◆ **Exercise directions**:
Return the data below exactly as given, except for the images.

=== Supplied data ===

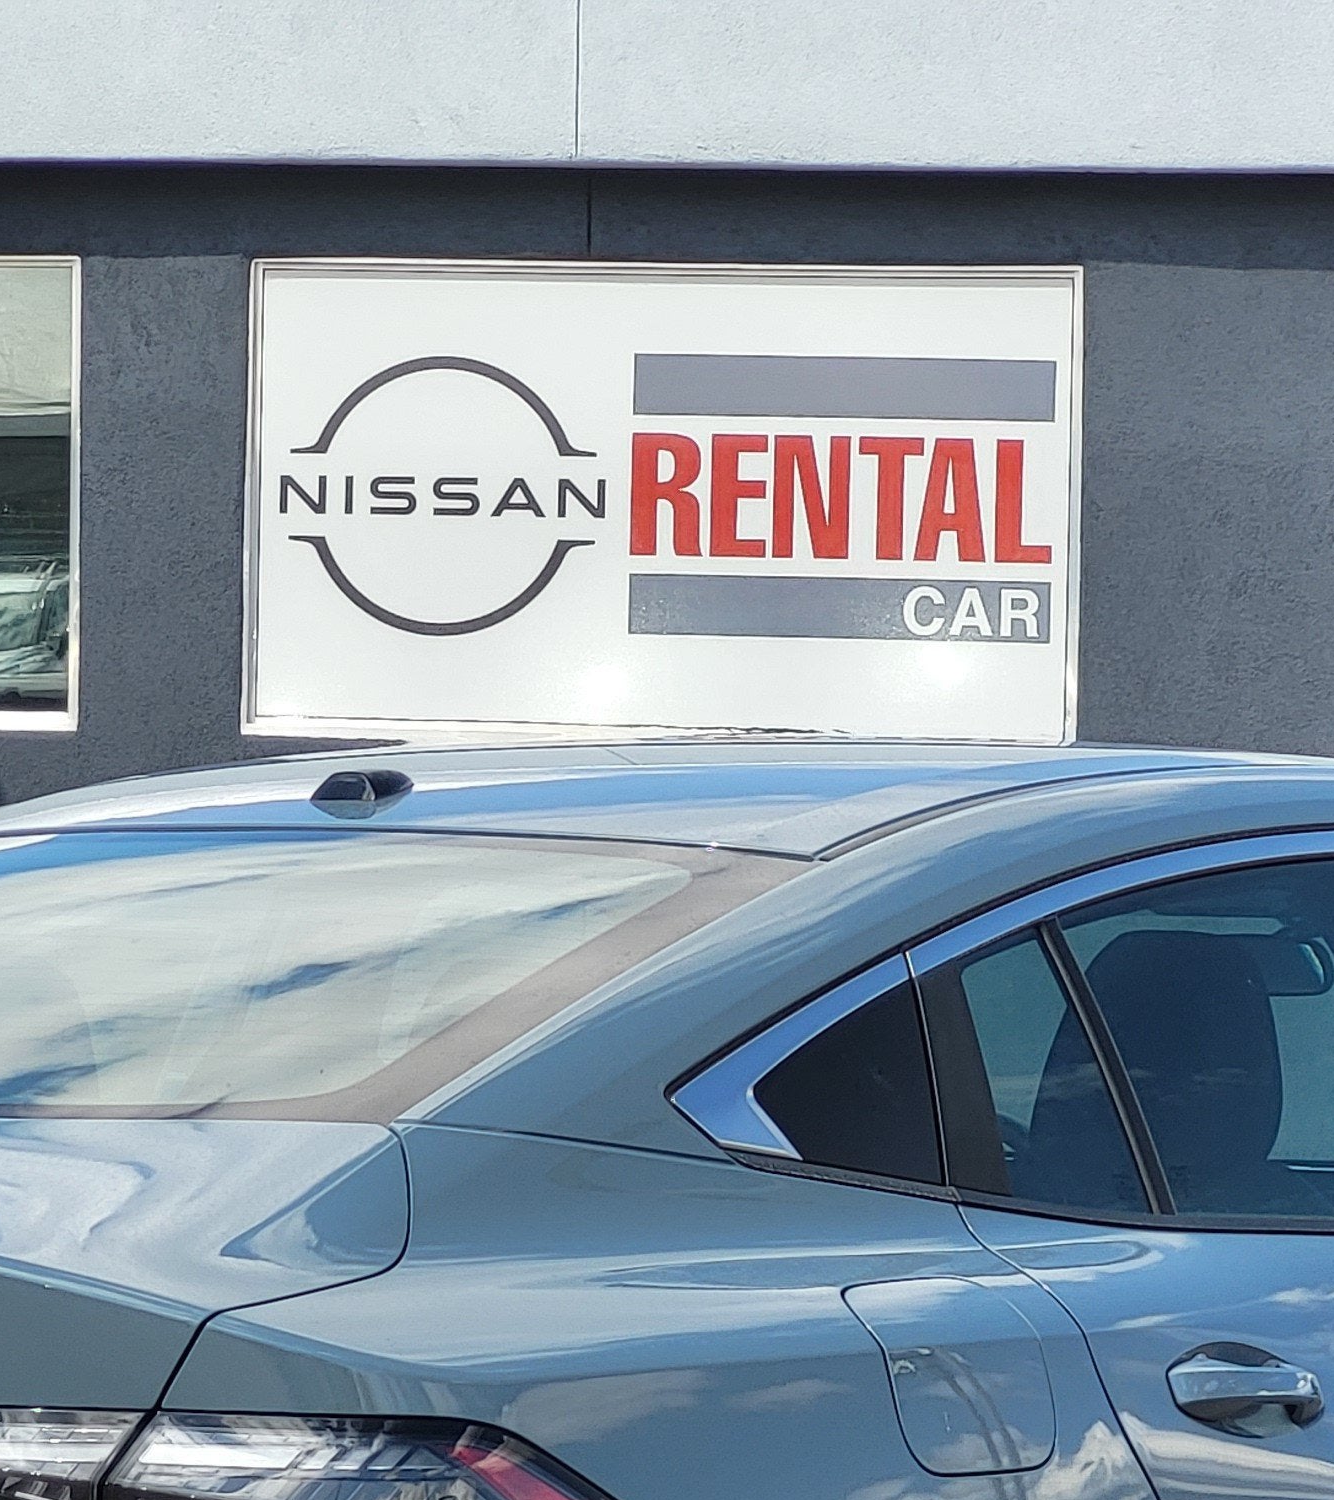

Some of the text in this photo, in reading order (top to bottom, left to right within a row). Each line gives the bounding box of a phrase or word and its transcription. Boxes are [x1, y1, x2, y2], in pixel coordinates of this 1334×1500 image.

[279, 474, 607, 519] NISSAN
[628, 432, 1052, 564] RENTAL
[902, 586, 1042, 639] CAR
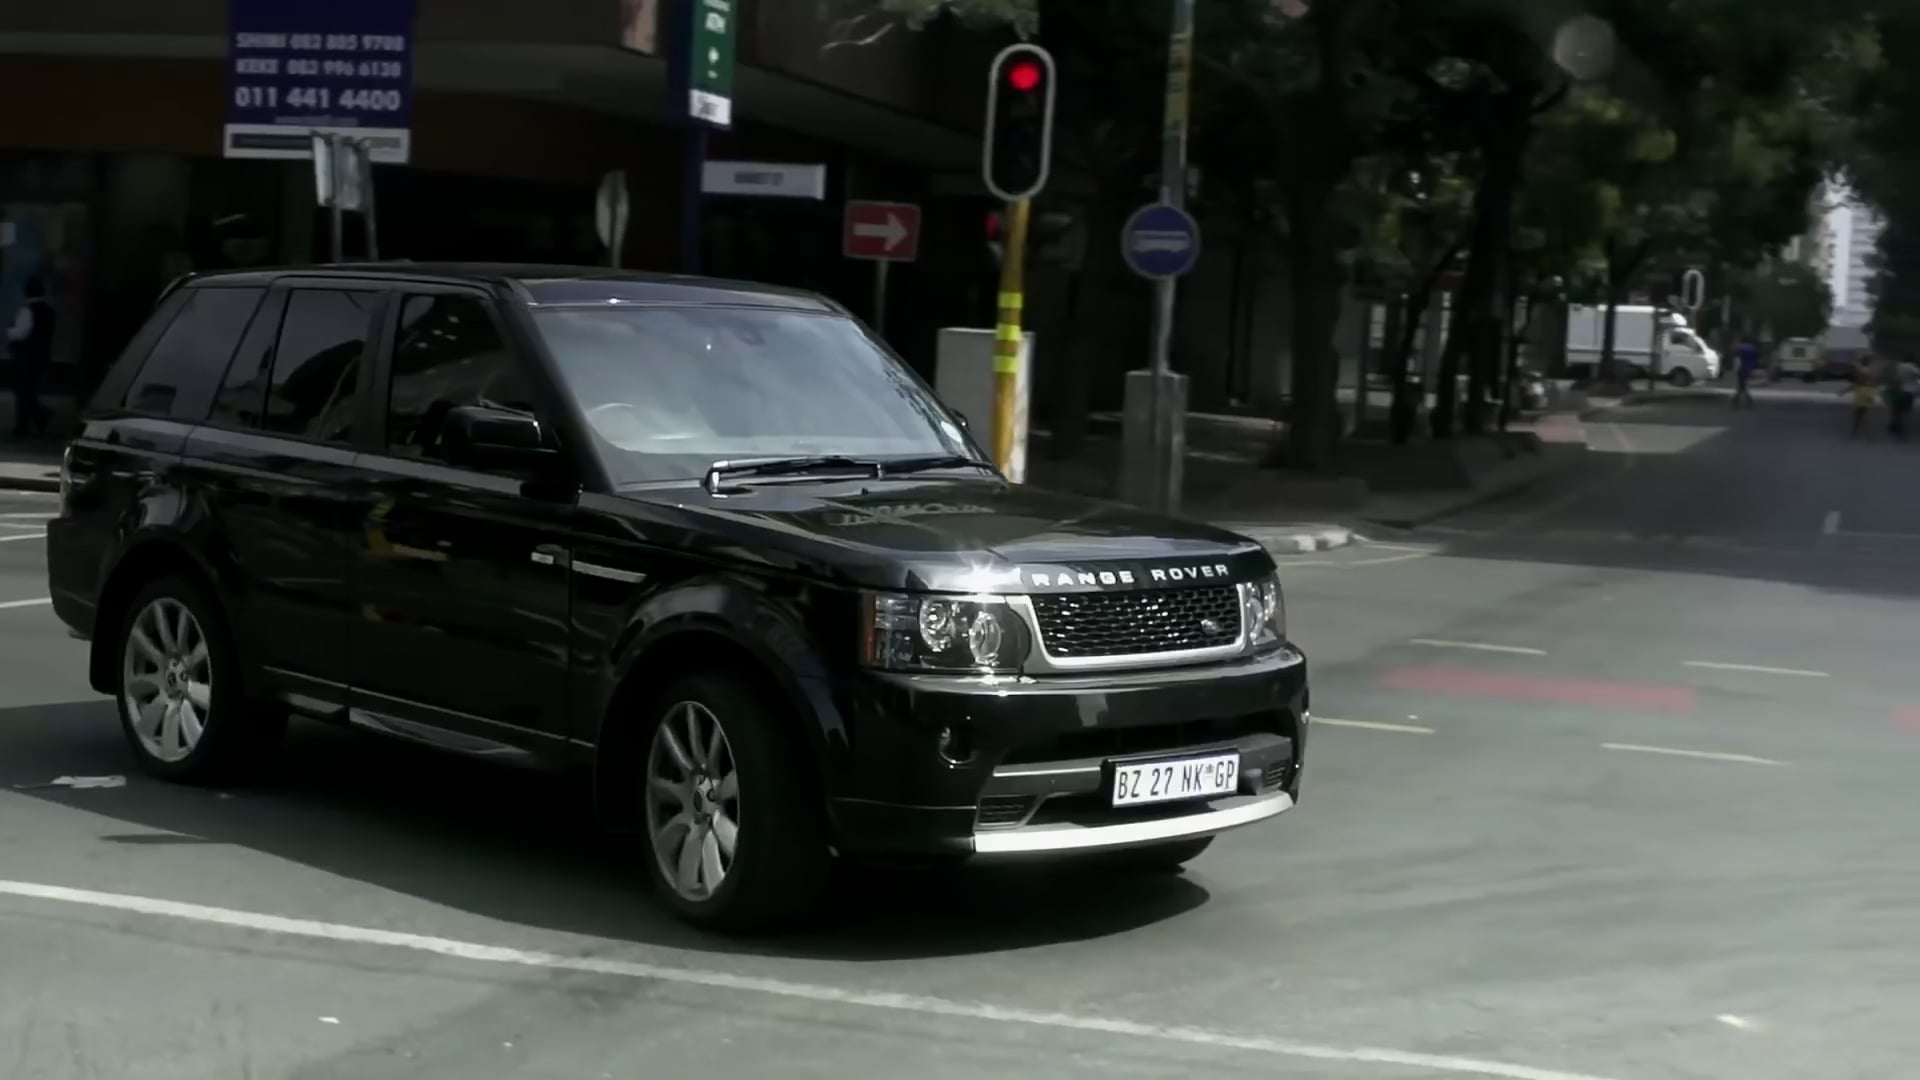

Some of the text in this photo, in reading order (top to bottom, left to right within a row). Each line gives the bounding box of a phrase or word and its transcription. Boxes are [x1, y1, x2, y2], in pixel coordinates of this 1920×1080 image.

[235, 86, 401, 111] 011 441 4400
[1031, 564, 1229, 586] RANGE ROVER
[1117, 760, 1236, 799] BZ 27 NK GP

===

◆ **Answer space**:
Some of the text in this photo, in reading order (top to bottom, left to right within a row). Each line gives the bounding box of a phrase or word and its transcription. Boxes are [x1, y1, x2, y2], in pixel coordinates of this 1334×1500 image.

[279, 474, 607, 519] NISSAN
[628, 432, 1052, 564] RENTAL
[902, 586, 1042, 639] CAR

Some of the text in this photo, in reading order (top to bottom, left to right within a row). Each line gives the bounding box of a phrase or word and its transcription. Boxes are [x1, y1, x2, y2], in pixel coordinates of this 1920×1080 image.

[235, 86, 401, 111] 011 441 4400
[1031, 564, 1229, 586] RANGE ROVER
[1117, 760, 1236, 799] BZ 27 NK GP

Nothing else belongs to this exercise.